La 1 de TVE emite un nuevo capítulo de su serie diaria en el que la aparición de un viejo amigo de Atanasio coincide con las sospechas de Luisa y Bárbara sobre el robo de los bebés y los drásticos recortes en la Casa Grande.
La serie diaria de época de Televisión Española, Valle Salvaje, recupera la estabilidad en la parrilla de La 1 tras los parones sufridos por las retransmisiones del Mundial. En el episodio 448, que se emitirá este viernes 17 de julio a las 17:45 horas, la ficción afronta un punto de inflexión marcado por la llegada de un nuevo personaje, las crecientes sospechas sobre el origen de Adriana y las severas dificultades económicas que amenazan el empleo de varios miembros del servicio.
La llegada de Nicolás y los recelos familiares en el Valle
El entorno de la Casa Pequeña recibe a Nicolás, un viejo amigo de Atanasio que llega de visita al Valle. Tras su llegada, Atanasio no duda en presentar a Nicolás ante Mercedes, al tiempo que este también se introduce ante José Luis. Durante estos primeros encuentros, Nicolás traslada a Atanasio su asombro al constatar la evidente falta de entendimiento y la fría relación que este mantiene con José Luis, a pesar de su vínculo como hermanos.

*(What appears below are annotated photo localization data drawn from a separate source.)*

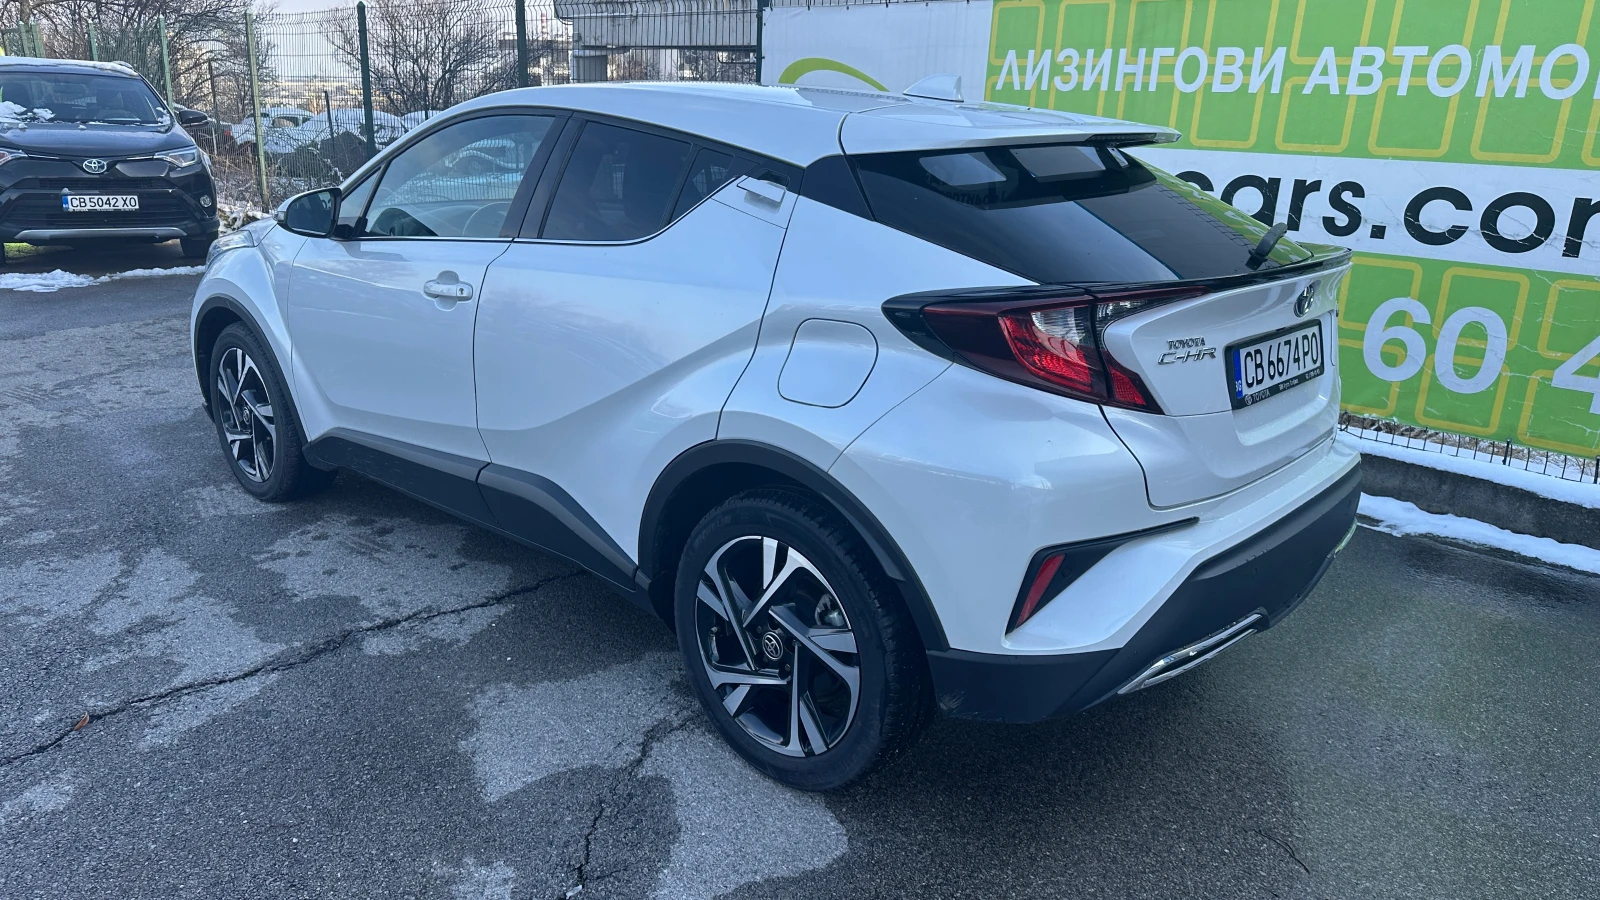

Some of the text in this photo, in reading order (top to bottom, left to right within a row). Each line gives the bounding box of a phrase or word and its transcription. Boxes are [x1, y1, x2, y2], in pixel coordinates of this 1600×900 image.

[996, 43, 1600, 100] ЛИЗИНГОВИ АВТОМО
[70, 197, 87, 208] CB
[88, 197, 119, 208] 5042
[1167, 336, 1206, 350] TOYOTA
[1363, 297, 1508, 394] 60
[1158, 347, 1216, 365] C-HR

Por su parte, Atanasio se muestra desconcertado ante la actitud de Matilde, quien ha optado por permanecer recluida en su habitación durante toda la jornada para evitar conocer al recién llegado. En paralelo, la marquesa presencia con notable sorpresa un paseo conjunto entre Victoria y Dámaso, un movimiento que desata de inmediato las suspicacias. Victoria interpela directamente a su primer marido para averiguar cuál es la situación real de Mercedes y qué posición ocupa ella misma en este escenario. Ante sus dudas, Dámaso le traslada un mensaje de tranquilidad, asegurándole que no tiene motivos para preocuparse.
Nuevas sospechas sobre el robo de los bebés y peligro de despido
La investigación extraoficial sobre los acontecimientos del pasado cobra fuerza en este nuevo capítulo. Después de escuchar el último testimonio de Rosalía, Luisa y Bárbara deciden dar un paso al frente y les confiesan a Leonor y a su hermana que Petra y Pura también estuvieron presentes en el parto de Adriana. Tras contrastar los datos y comprobar que las piezas de la historia encajan con el nacimiento de María, ambas están convencidas de que Victoria estuvo directamente implicada en el robo de los recién nacidos.
Mientras estas revelaciones amenazan con sacudir los cimientos de la familia, la crisis financiera se ceba con el servicio de la Casa Grande. Las pérdidas acumuladas obligan a la propiedad a plantear recortes y reajustes drásticos de plantilla. En este contexto de inestabilidad, Rafael se ve en la obligación de advertir formalmente a Rosalía de que tanto ella como su hermana Leonor se encuentran en una situación vulnerable y podrían ser despedidas de forma inminente debido a la delicada situación económica.
Confesiones íntimas y enfrentamientos directos
En el ámbito personal, las presiones familiares condicionan las decisiones de los más jóvenes. Braulio, instado por su madre Enriqueta a dar un paso adelante con Manuela, termina confesando a Alejo su mayor temor e inseguridad: el miedo a decepcionar a la joven debido a que nunca ha besado a nadie. Al mismo tiempo, don Hernando no oculta su desprecio hacia el entorno local y le deja claro a su hija Manuela que considera que en todo Valle Salvaje no hay ningún pretendiente digno de ella, desmarcándose de quienes tratan a la joven como si fuera un negocio.
El episodio cerrará con un tenso y directo cara a cara entre las grandes rivales de la trama. Victoria se encara con Mercedes y le espeta sin rodeos que es plenamente consciente de las verdaderas intenciones de Dámaso, asegurándole que sabe que el plan que este esconde consiste en deshacerse de ella en el futuro.